I imagine that there are similar subtle changes across the issues, but the only other one I have multiple copies of are the dinosaur issues.

clockwise from top left: 1985, 1992, 1999, 2004

Not only was this particular issue set on providing a foundation for all things dinosaur the issue I had, and luckily one of the ones here, include the “new” theory about the impact event leading to the extinction of the dinosaurs. Which I suppose will be my version of the “when I was in elementary school they taught continental drift as a theory” story that my mentor prof always tells.

1985 and 2004 text versions of a theory.

The Dinosaur editions had a huge four-page pull out, with two, three-page on the backsides:

The Dinosaur issues lead into a complete separate series called “Prehistoric Life.” it was a series of 10 books with a Family Activity Book inside a hard plastic slip case.
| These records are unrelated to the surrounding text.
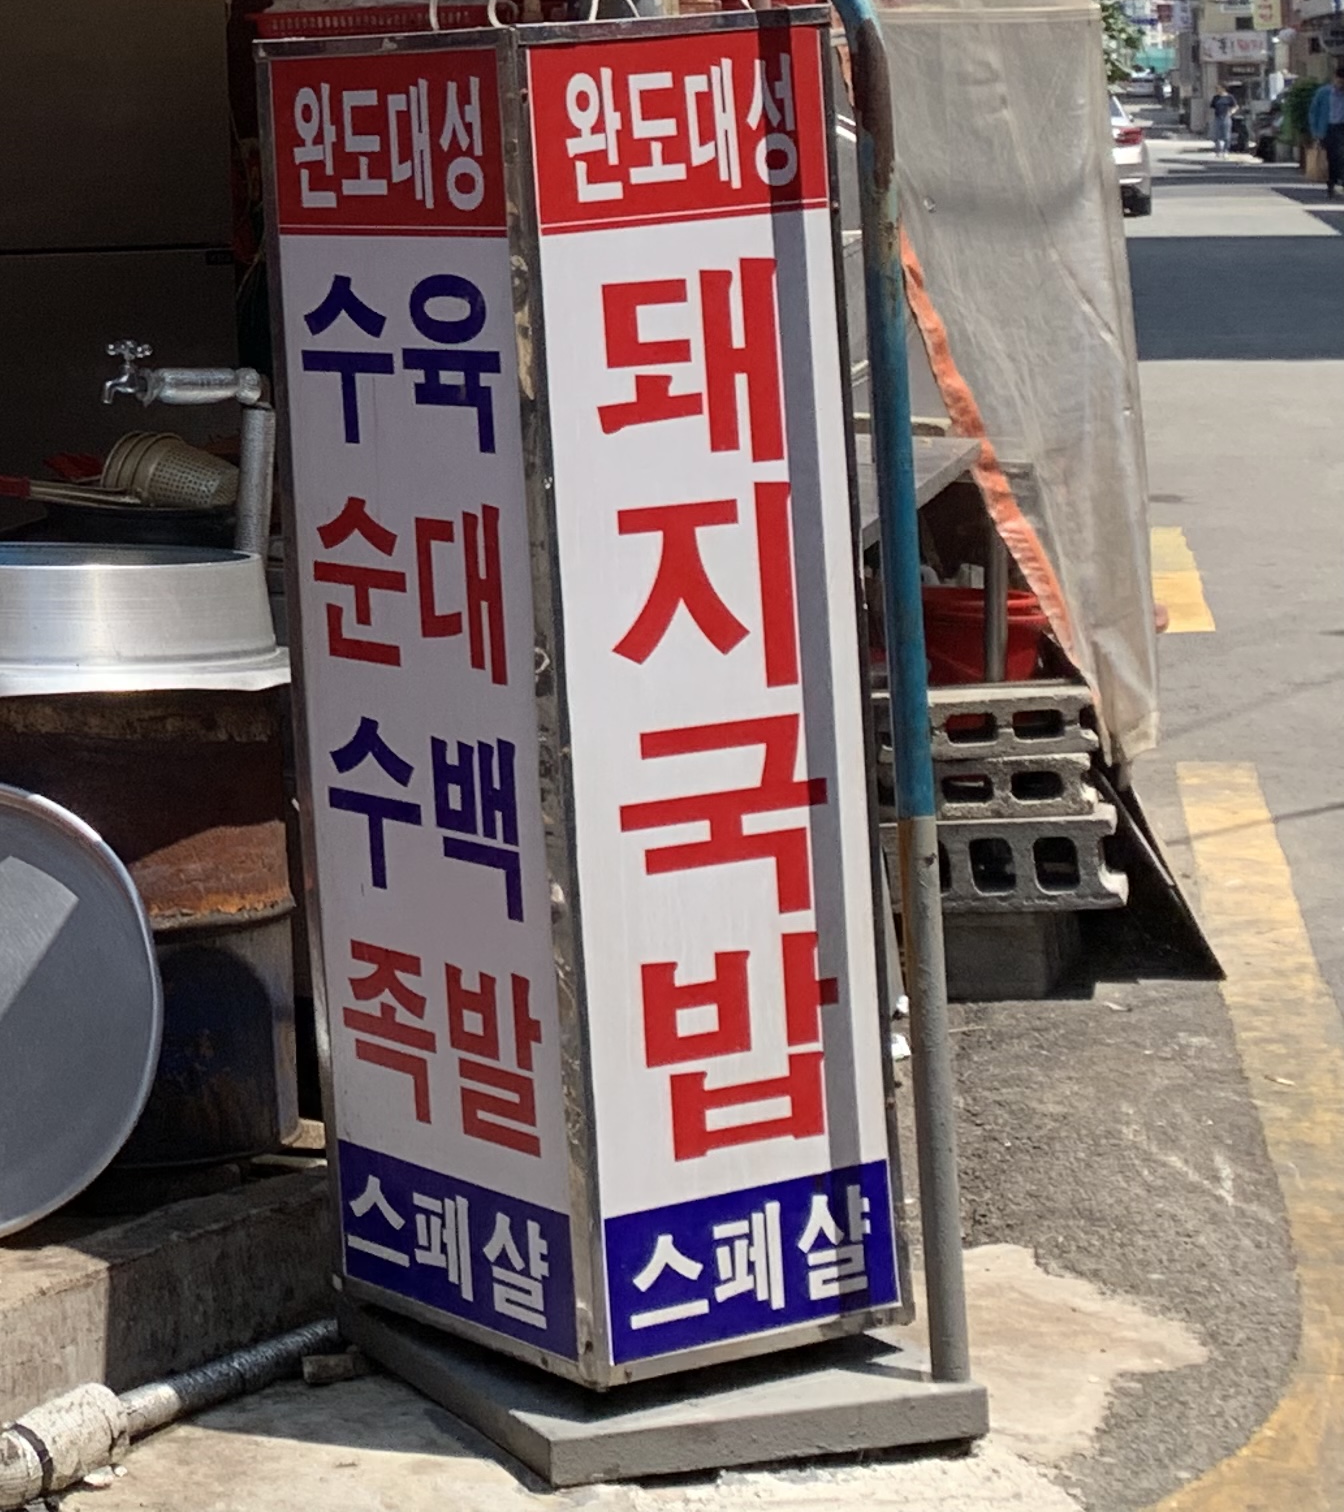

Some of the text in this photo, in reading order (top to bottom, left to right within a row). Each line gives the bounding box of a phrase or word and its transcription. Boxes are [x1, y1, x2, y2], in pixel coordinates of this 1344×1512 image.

[293, 74, 485, 213] 완도대성
[564, 52, 799, 204] 완도대성
[301, 273, 502, 455] 수육
[313, 496, 508, 686] 순대
[597, 257, 839, 1162] 돼지국밥
[327, 716, 524, 923] 수백
[343, 938, 542, 1158] 족발
[347, 1175, 550, 1330] 스페샬
[630, 1184, 872, 1330] 스페샬
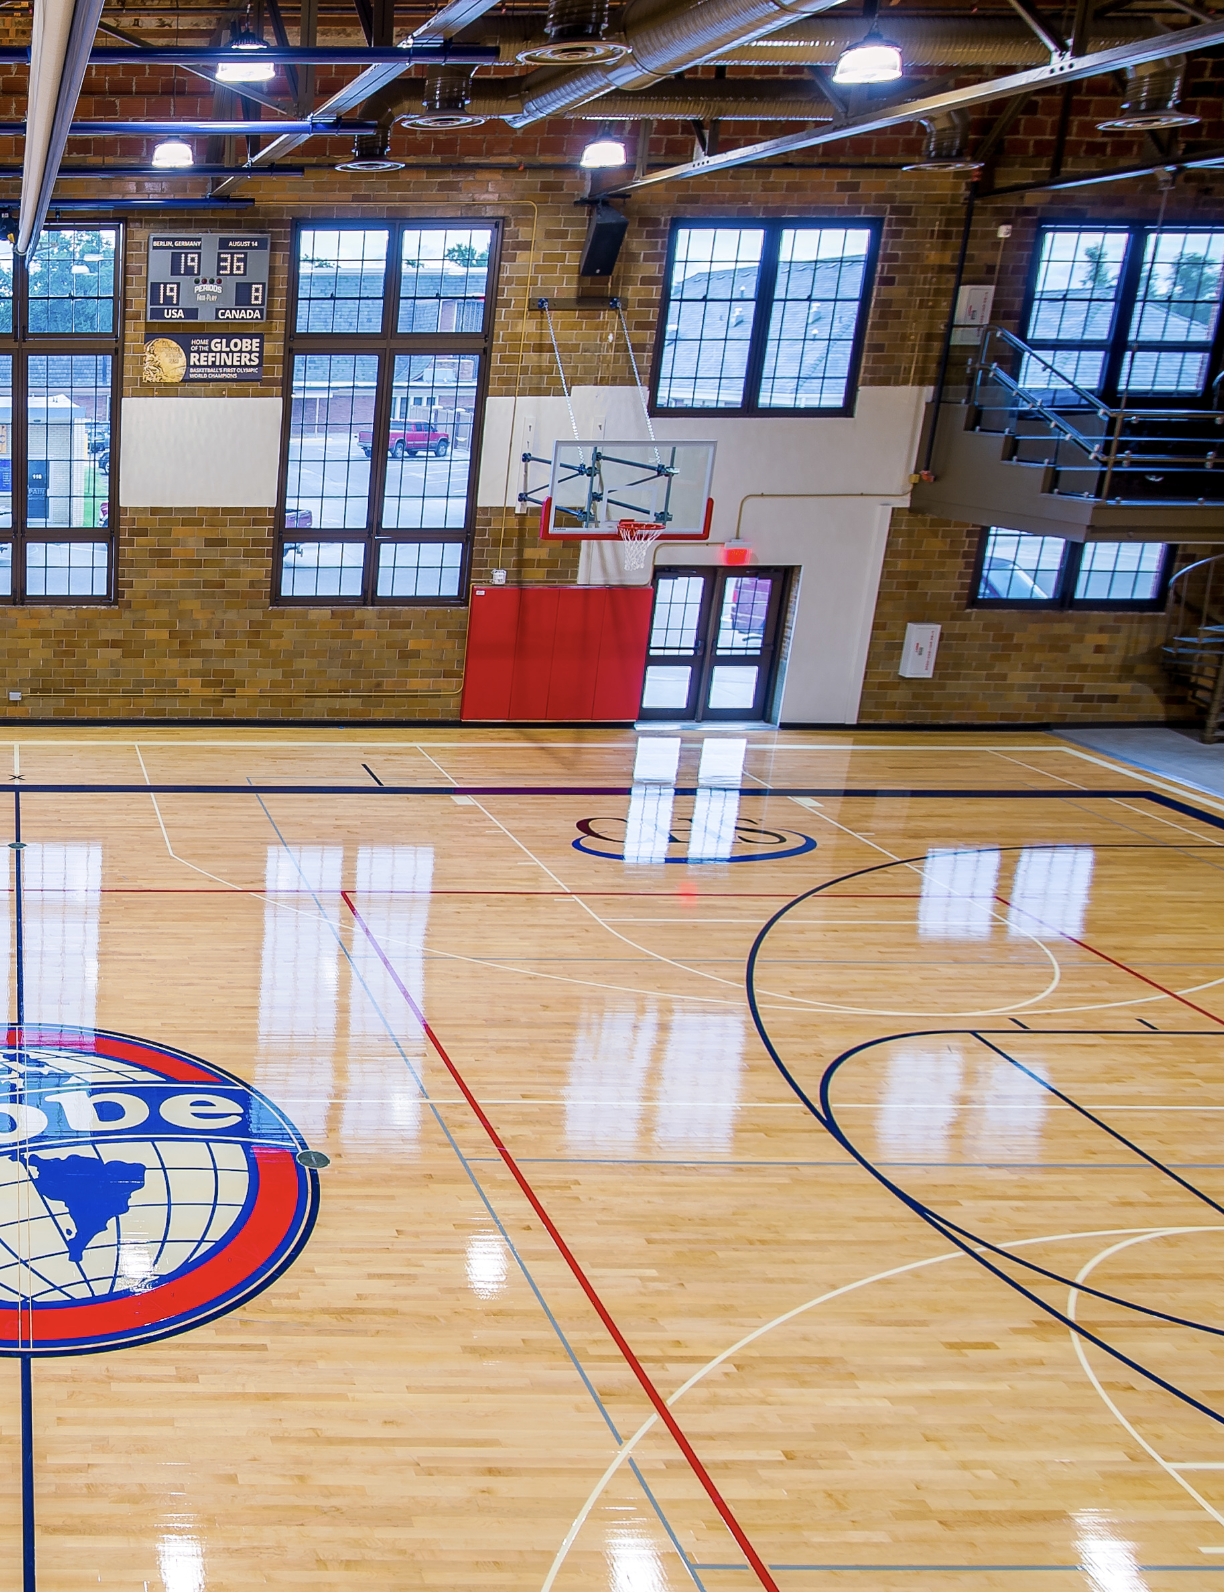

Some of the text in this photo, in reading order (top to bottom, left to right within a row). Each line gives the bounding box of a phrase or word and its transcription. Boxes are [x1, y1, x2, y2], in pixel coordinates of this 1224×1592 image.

The Family Activity Book has issues 2-9 on the cover for a nice grid. “Book One” was “Life Begins”  and spans through to “Book 10” “Mammals Part 2.”

I don’t know who Bishop was, or what they taught, but I can tell you someone absconded with their class copy of “Book Ten” because I don’t have a complete set. I have also tracked one of those down to complete that set. The activity guide is a mixed bag, that utilizes a lot of metal coat hangers. There were some pipe cleaner dinosaurs, some quasi-potatoman-mammals, and a pterosaur kite.

I will eventually do an entire post dedicated solely to the Prehistoric Zoobooks but it was the originals that had the gorgeous wild horses, extinct elephants and rhinos that really sent me to digging out the box and going back through these.

Zoobooks is still around in this .com world, now part of Ranger Rick’s National Wildlife Federation, and branched into a couple age groups (Zoobies, Zootles, and Zoobooks) and a dinosaur specific run. Available in print and e-subscriptions.

They even have a regularly updated wildlife blog easily accessed through the site. If you want to get your kids, nephews, nieces, grandkids, friends’ kids, or anyone a gift they will really enjoy, a subscription here will keep on giving all year long.

There are some things coming I will come back and add to this later from the Wild Horses and the Prehistoric Book Ten, when I try to focus solely on the Prehistoric Zoobooks for a future post, until then I will close with a sampling of the 9 books that I have in hand and just clicked off at random with my phone while going through them at the kitchen table. The art is amazing, and the setups are clever, look for the scuba diver avoiding the dunkleosteus and the woman wearing (and crashing) the hang-glider with the pterosaurs. You know, I’ll probably end up getting myself a subscription to the ZooDinos now, just to see if it expands on the Dinosaurs issue or the Prehistoric Life series.